Senate debates

Tuesday, 17 September 2024

Bills

Help to Buy Bill 2023, Help to Buy (Consequential Provisions) Bill 2023; Second Reading

1:13 pm

Photo of Nick McKimNick McKim (Tasmania, Australian Greens) Share this | Hansard source

It's very unusual that people close to me can't hear me, but I guess there's a first time for everything!

But I want to talk about people who are on youth allowance, just briefly. Basically, someone who is on youth allowance can afford only $102 a week on rent before they hit rental stress. What do you reckon you're going to get for 102 bucks a week currently in Australia, where rents have gone up by 30 per cent since Labor came into office, just two short years ago? Do you know what you can get for 102 bucks a week in Australia? Absolutely nothing.

I also want to talk about my home state of Tasmania. Almost half of Tasmanians who have a mortgage are in mortgage stress, which is defined as having to spend 30 per cent or more of their annual household income on mortgage repayments. In a housing survey in May this year by EMRS—a very reputable polling company in Australia—89 per cent of Tasmanians, almost everyone, agreed that Tasmania is in a housing crisis. Just to put that in context, you could poll support for breathing and you'd only get 95 per cent; you wouldn't get 100 per cent support. So 89 per cent means that Tasmanians overwhelmingly agree that Tasmania is in a housing crisis. And of course this is not just a housing crisis in Tasmania. This is a national housing crisis.

It is time for Labor to get serious about addressing this absolute societal calamity that we are living through in Australia—this housing catastrophe in which millions of Australians are in either rent or mortgage stress, where homelessness is increasing, where people right across the age spectrum are being done over by landlords who are able, under Labor's policy settings, to increase their rent by whatever they like. And then they say, 'Oh, well, the market can determine it.' Well, here's a message for the Labor Party: housing shouldn't be a market. Housing is a human right. Everyone in this country has a right to a safe and affordable home.

The former housing minister for the Labor Party, Ms Collins, said the quiet thing out loud on 7.30 about 12 to 15 months ago. She said that she wanted to see housing as an asset class. Talk about saying the quiet thing out loud! Housing shouldn't be an asset class; housing should be a place for people to live. It should be a place where people can live safely and securely at a decent temperature with decent amenities and decent facilities at an affordable rate, whether they have a mortgage or are in the rental market. Instead of actually taking the significant action that is required to address this housing crisis, Labor are fiddling around at the margins because they want to be seen to be doing something even though they're not actually doing anything. This is all about the perception for the Labor Party, and it has nothing at all to do with actually taking meaningful action to address the housing crisis in Australia.

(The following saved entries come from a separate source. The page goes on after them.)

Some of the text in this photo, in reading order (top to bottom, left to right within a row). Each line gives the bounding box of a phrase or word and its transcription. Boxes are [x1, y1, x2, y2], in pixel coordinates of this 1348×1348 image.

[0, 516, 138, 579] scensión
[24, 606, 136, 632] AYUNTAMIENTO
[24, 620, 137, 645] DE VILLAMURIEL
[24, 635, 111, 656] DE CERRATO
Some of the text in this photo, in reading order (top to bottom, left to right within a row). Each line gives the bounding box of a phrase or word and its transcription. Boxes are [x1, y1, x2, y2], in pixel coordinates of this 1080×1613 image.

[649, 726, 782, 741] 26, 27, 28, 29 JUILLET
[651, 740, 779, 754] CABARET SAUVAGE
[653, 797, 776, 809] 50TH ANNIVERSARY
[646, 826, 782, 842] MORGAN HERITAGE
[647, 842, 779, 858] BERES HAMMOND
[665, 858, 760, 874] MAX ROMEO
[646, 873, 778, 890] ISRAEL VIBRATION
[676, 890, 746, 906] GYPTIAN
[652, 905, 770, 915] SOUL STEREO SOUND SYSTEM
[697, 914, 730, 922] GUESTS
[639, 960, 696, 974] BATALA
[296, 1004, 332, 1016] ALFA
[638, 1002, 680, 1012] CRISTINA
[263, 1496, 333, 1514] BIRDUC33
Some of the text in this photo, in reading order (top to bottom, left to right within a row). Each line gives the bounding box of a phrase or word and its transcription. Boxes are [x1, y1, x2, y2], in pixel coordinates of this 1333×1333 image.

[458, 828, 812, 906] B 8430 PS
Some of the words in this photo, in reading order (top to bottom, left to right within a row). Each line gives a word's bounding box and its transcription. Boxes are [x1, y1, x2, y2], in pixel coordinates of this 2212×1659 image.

Rents have gone up 30 per cent since the Labor Party came into power. Since the Labor Party came into power, mortgages in this country have increased on average by over $1,600 a month. That's the situation that Labor have overseen, and that is the situation they should be acting to fix. Instead, they're bringing in legislation that will actually continue to put upward pressure on house prices and price more and more renters—a significant number of whom are young Australians—out of the market. Young Australians are seeing their dream of one day being able to afford their own home evaporate.

Rather than fixate on when this vote is going to be, playing some political game that only they themselves understand, the Labor Party should actually be fixating on solving the housing crisis. What this bill is not going to do is solve the housing crisis. What this bill will do is exacerbate an element of the housing crisis. Even though it will provide marginal benefit to 0.2 per cent of Australian renters, it will make housing less affordable for the other 99.8 per cent.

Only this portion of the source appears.